Task to complete -> An exact copy of every entry is needed here; the images stay out.
(Beginning of Data provided)
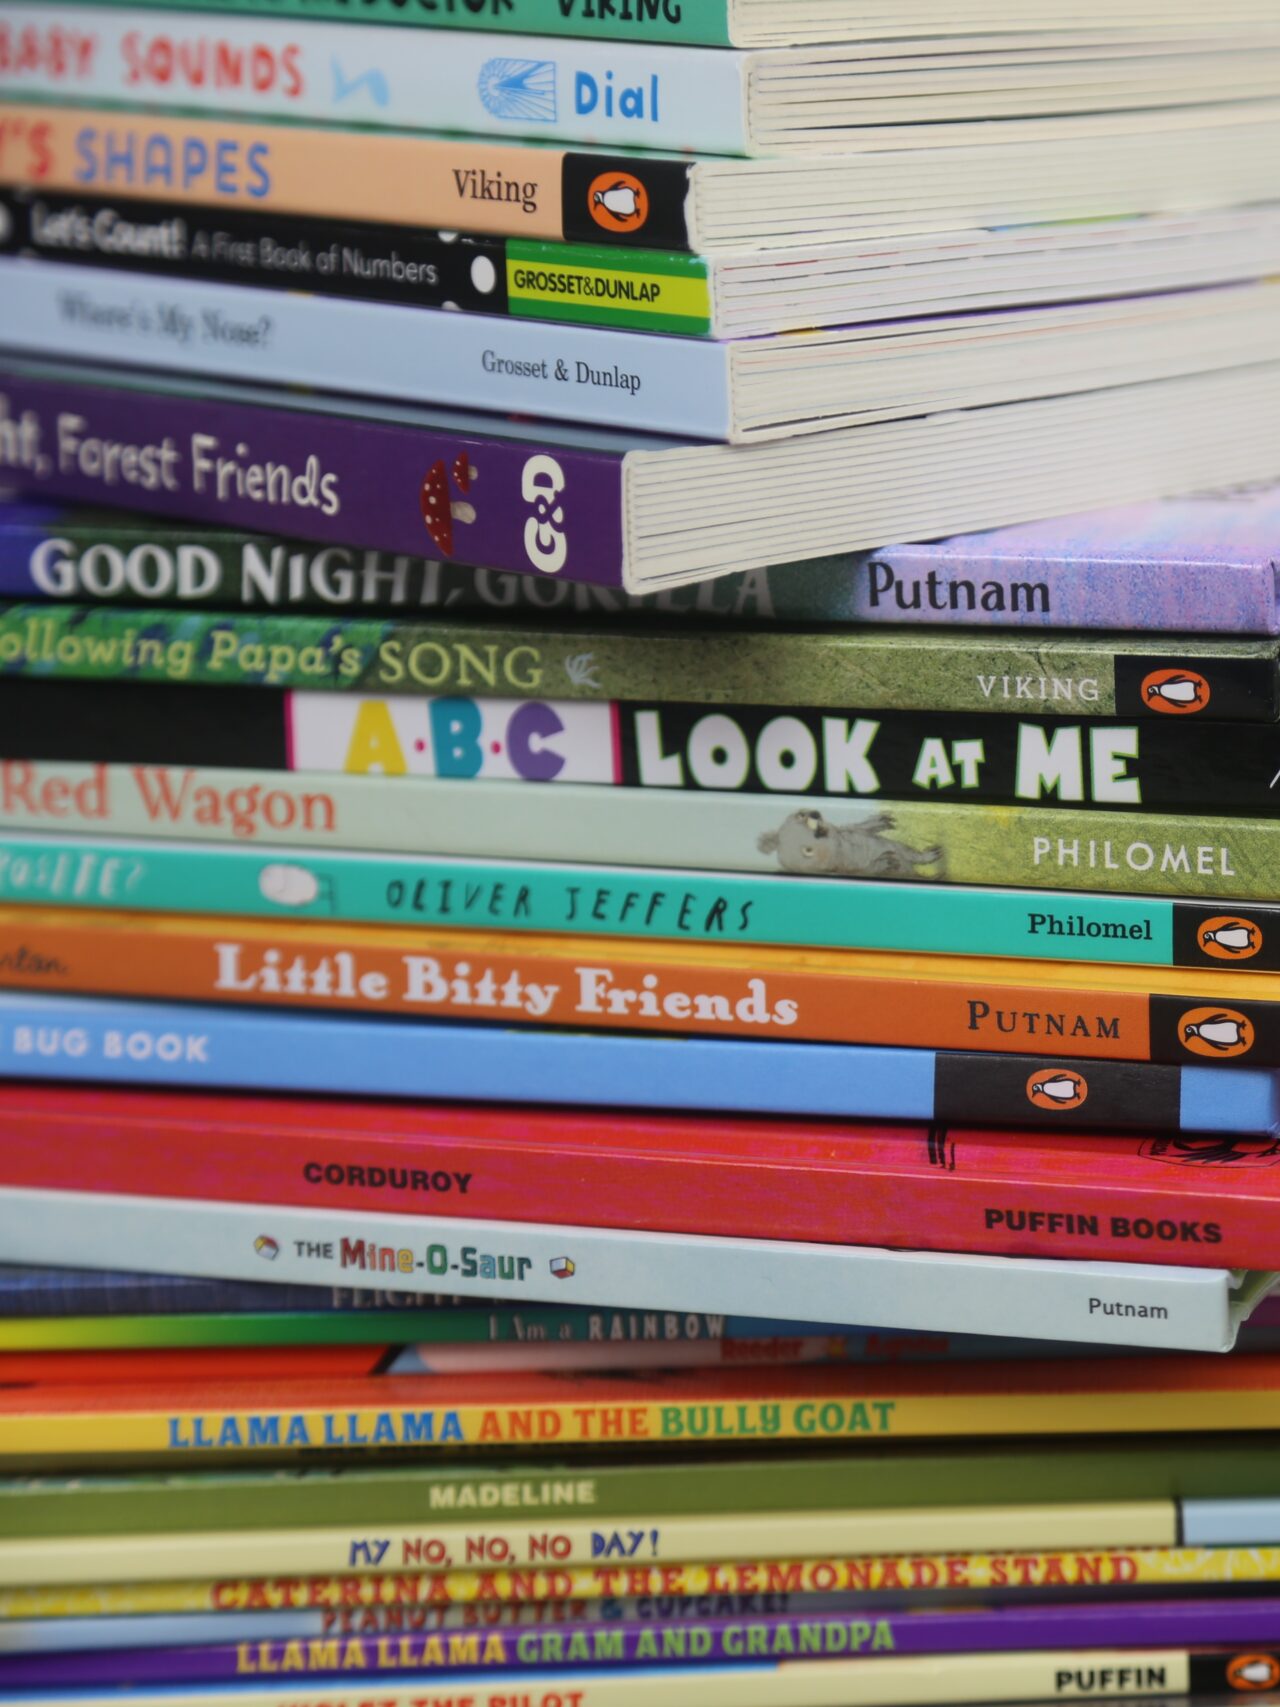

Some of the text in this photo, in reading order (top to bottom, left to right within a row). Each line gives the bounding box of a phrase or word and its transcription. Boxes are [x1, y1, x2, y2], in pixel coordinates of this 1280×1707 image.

[121, 31, 304, 98] SOUNDS
[575, 70, 658, 122] Dial
[0, 117, 271, 198] 'S SHAPES
[452, 168, 538, 213] Viking
[31, 203, 439, 284] Let's Count! A First Book of Numbers
[513, 268, 661, 303] GROSSET&DUNLAP
[482, 349, 641, 396] Grosset & Dunlap
[58, 412, 180, 491] Forest
[191, 432, 340, 516] Friends
[30, 538, 222, 598] GOOD
[868, 561, 1051, 613] Putnam
[206, 629, 363, 681] Papa's
[378, 640, 543, 689] SONG
[976, 674, 1099, 702] VIKING
[634, 709, 1142, 804] LOOK AT ME
[2, 760, 337, 839] Red Wagon
[1033, 837, 1236, 876] PHILOMEL
[386, 878, 754, 933] OLIVER JEFFERS
[1027, 913, 1153, 940] Philomel
[214, 942, 798, 1026] Little Bitty Friends
[966, 1000, 1121, 1039] PUTNAM
[13, 1026, 209, 1063] BUG BOOK
[303, 1162, 472, 1195] CORDUROY
[984, 1208, 1222, 1244] PUFFIN BOOKS
[294, 1240, 334, 1260] THE
[589, 1313, 727, 1341] RAINBOW
[1088, 1298, 1168, 1320] Putnam
[168, 1400, 896, 1449] LLAMA LLAMA AND THE BULLY GOAT
[429, 1479, 596, 1509] MADELINE
[349, 1529, 659, 1568] MY NO, NO, NO DAY!
[211, 1555, 1138, 1610] CATERINA AND THE LEMONADE STAND
[236, 1619, 896, 1674] LLAMA LLAMA GRAM AND GRANDPA
[1055, 1666, 1166, 1692] PUFFIN
(End of Data provided)
Answer to this task ->
Some of the text in this photo, in reading order (top to bottom, left to right within a row). Each line gives the bounding box of a phrase or word and its transcription. Boxes are [x1, y1, x2, y2], in pixel coordinates of this 1280×1707 image.

[121, 31, 304, 98] SOUNDS
[575, 70, 658, 122] Dial
[0, 117, 271, 198] 'S SHAPES
[452, 168, 538, 213] Viking
[31, 203, 439, 284] Let's Count! A First Book of Numbers
[513, 268, 661, 303] GROSSET&DUNLAP
[482, 349, 641, 396] Grosset & Dunlap
[58, 412, 180, 491] Forest
[191, 432, 340, 516] Friends
[30, 538, 222, 598] GOOD
[868, 561, 1051, 613] Putnam
[206, 629, 363, 681] Papa's
[378, 640, 543, 689] SONG
[976, 674, 1099, 702] VIKING
[634, 709, 1142, 804] LOOK AT ME
[2, 760, 337, 839] Red Wagon
[1033, 837, 1236, 876] PHILOMEL
[386, 878, 754, 933] OLIVER JEFFERS
[1027, 913, 1153, 940] Philomel
[214, 942, 798, 1026] Little Bitty Friends
[966, 1000, 1121, 1039] PUTNAM
[13, 1026, 209, 1063] BUG BOOK
[303, 1162, 472, 1195] CORDUROY
[984, 1208, 1222, 1244] PUFFIN BOOKS
[294, 1240, 334, 1260] THE
[589, 1313, 727, 1341] RAINBOW
[1088, 1298, 1168, 1320] Putnam
[168, 1400, 896, 1449] LLAMA LLAMA AND THE BULLY GOAT
[429, 1479, 596, 1509] MADELINE
[349, 1529, 659, 1568] MY NO, NO, NO DAY!
[211, 1555, 1138, 1610] CATERINA AND THE LEMONADE STAND
[236, 1619, 896, 1674] LLAMA LLAMA GRAM AND GRANDPA
[1055, 1666, 1166, 1692] PUFFIN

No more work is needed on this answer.